April 8th, 2009, Wednesday, 08:35

insomnia Insomnia increases risk of high blood pressureWe all know that insomnia has negative effects on our health, as it increases the risk for depression and other psychiatric disorders.

According to a new study, people who sleep less than five hours a night are five times more likely to raise risk of high blood pressure than people who get enough rest and sleep more than six hours without insomnia.

Lack of sleep leads to obesity in adults and children and increases the risk of heart disease and diabetes.
An adult needs to sleep about eight hours a night. If your body needs eight hours of sleep but you sleep for five or six, you risk being tired all the time and not functioning all that well.

We all need a good night’s sleep in order to feel better and stay healthy. Here are some steps that insomniacs can take in order to improve their sleep:

1. You must not turn your bedroom into an office.

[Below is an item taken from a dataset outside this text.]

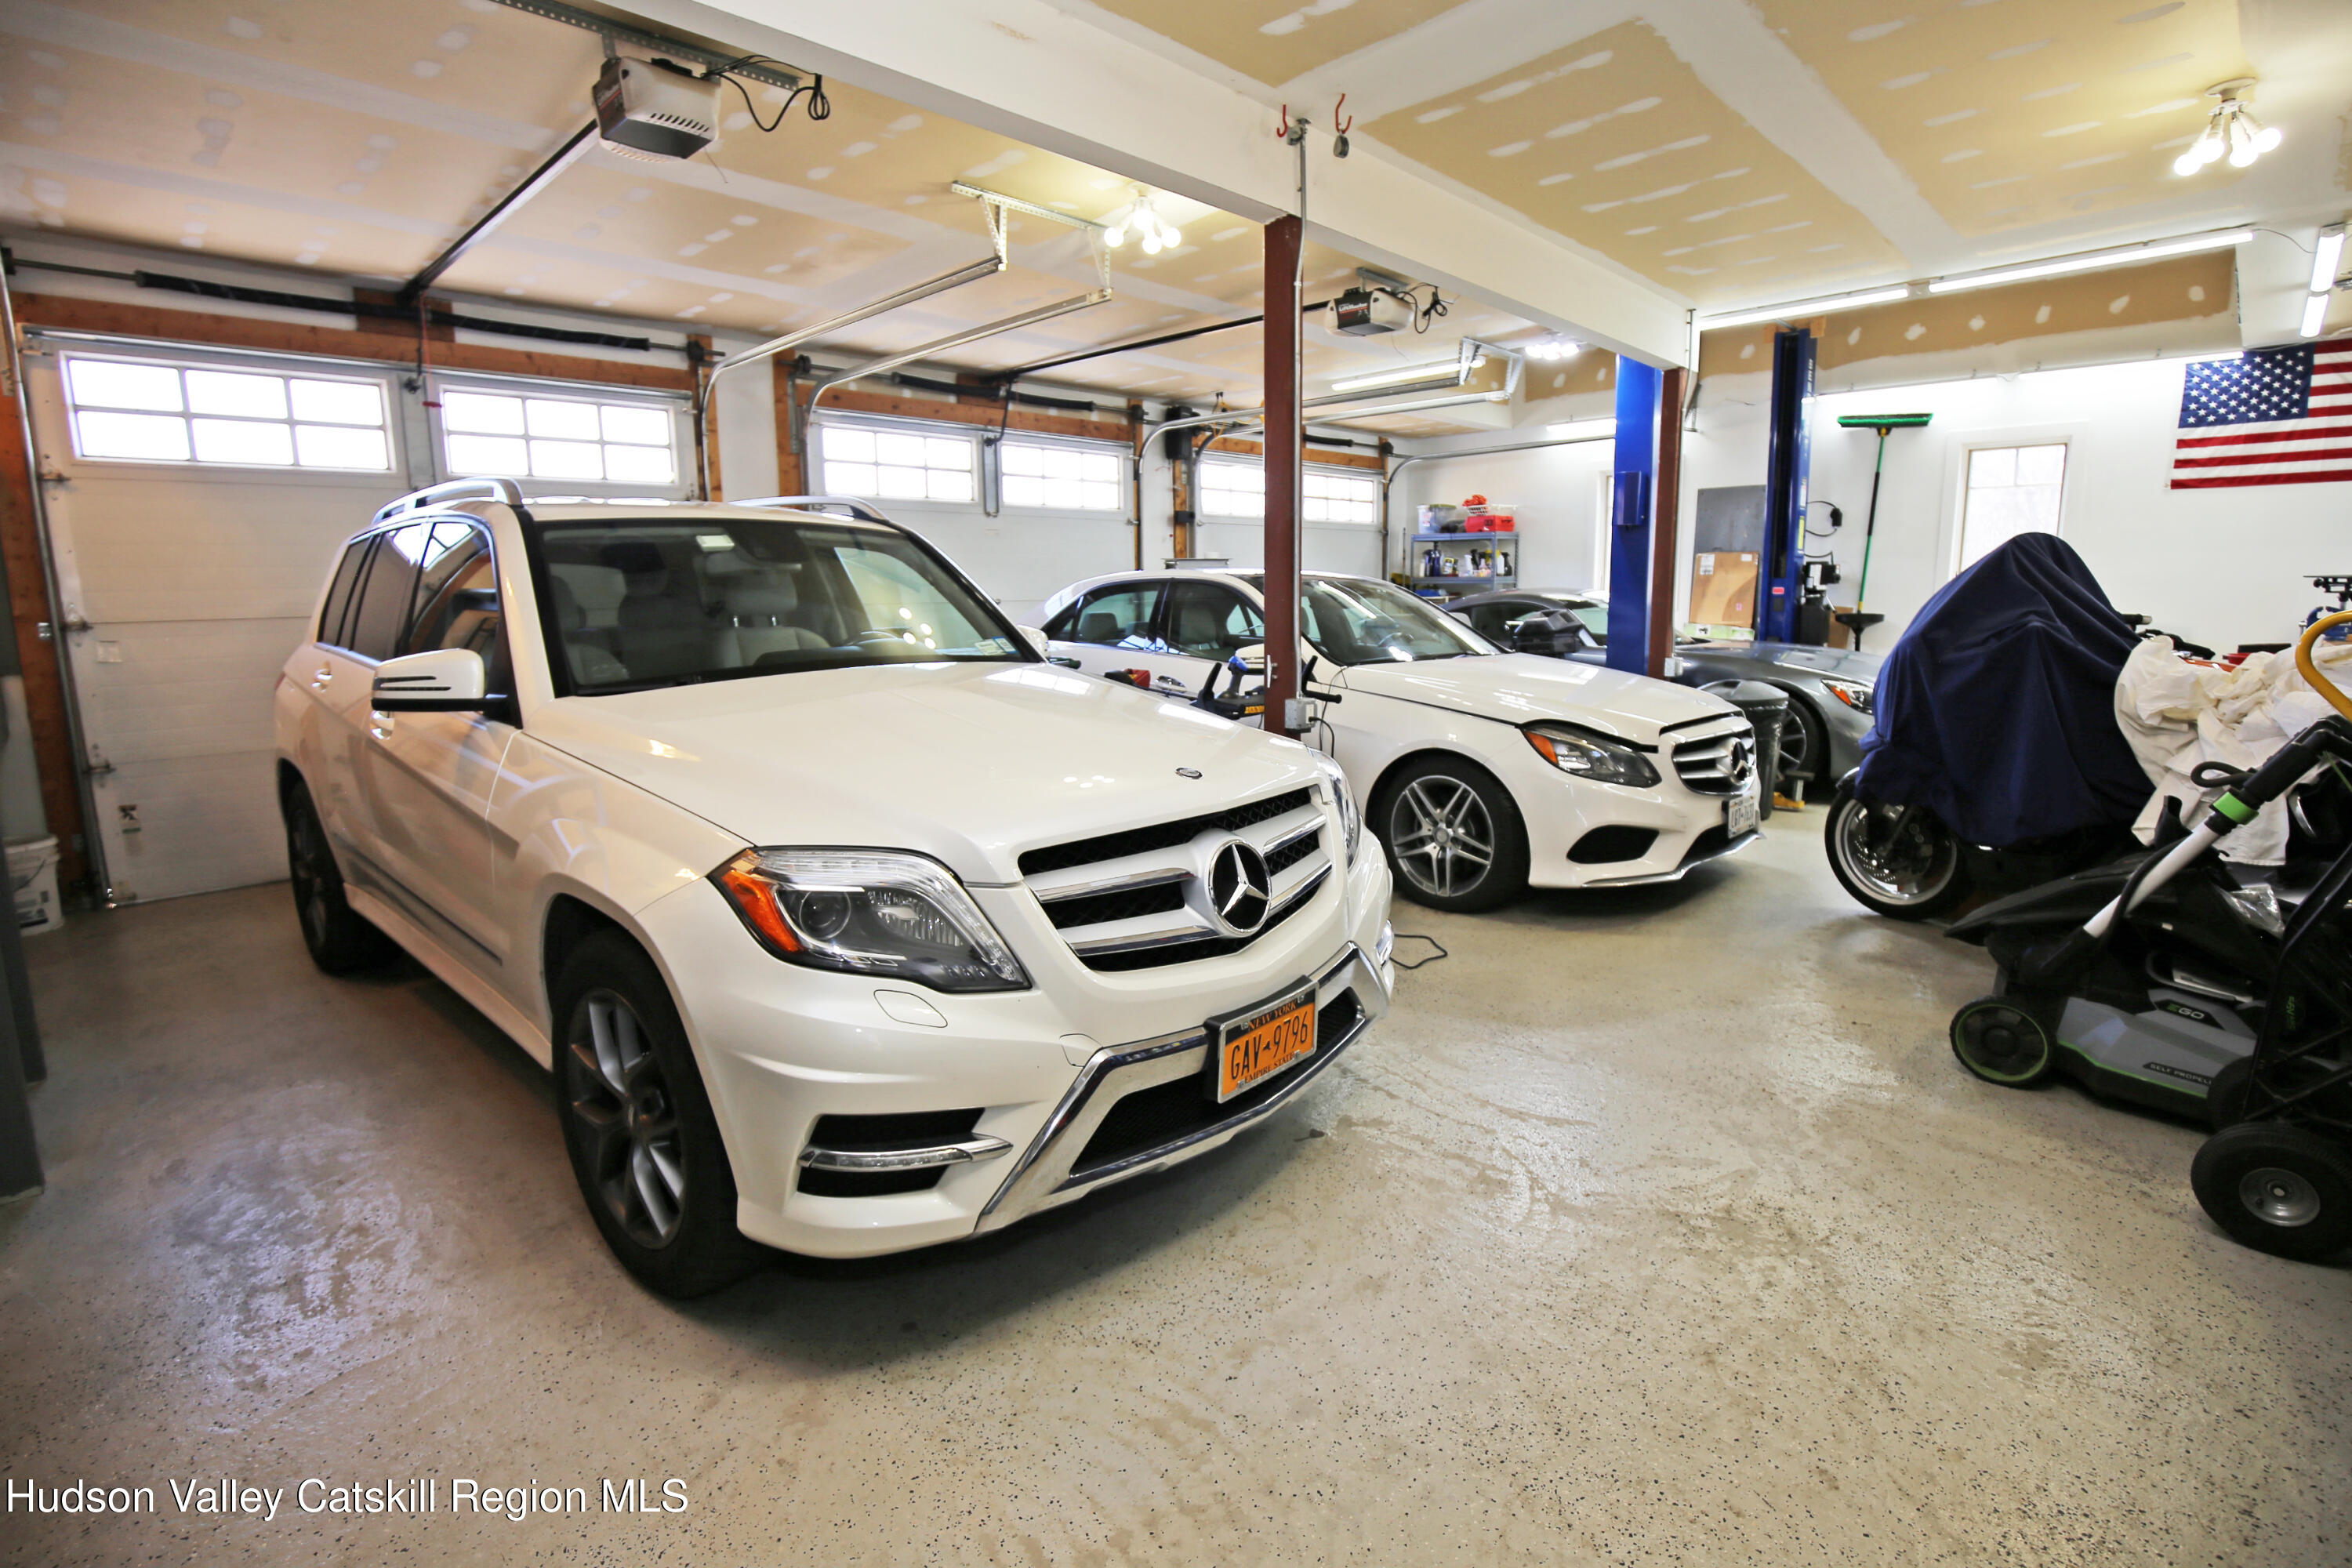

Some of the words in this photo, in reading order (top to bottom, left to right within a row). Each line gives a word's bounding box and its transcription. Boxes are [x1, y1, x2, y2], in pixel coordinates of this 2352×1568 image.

The bedroom should be for sleeping and you shouldn’t eat in bed, watch TV in bed or even read in bed.

2. If you don’t fall asleep in 20 minutes, get up and do something boring until you feel tired, instead of lying there.

3. Create a pleasant sleep environment. The light should be off and should be comfortable.

4. Have a snack, like a glass of milk.

5. Exercise, as it will improve your sleep, but don’t do it too close to bedtime because it can keep you awake.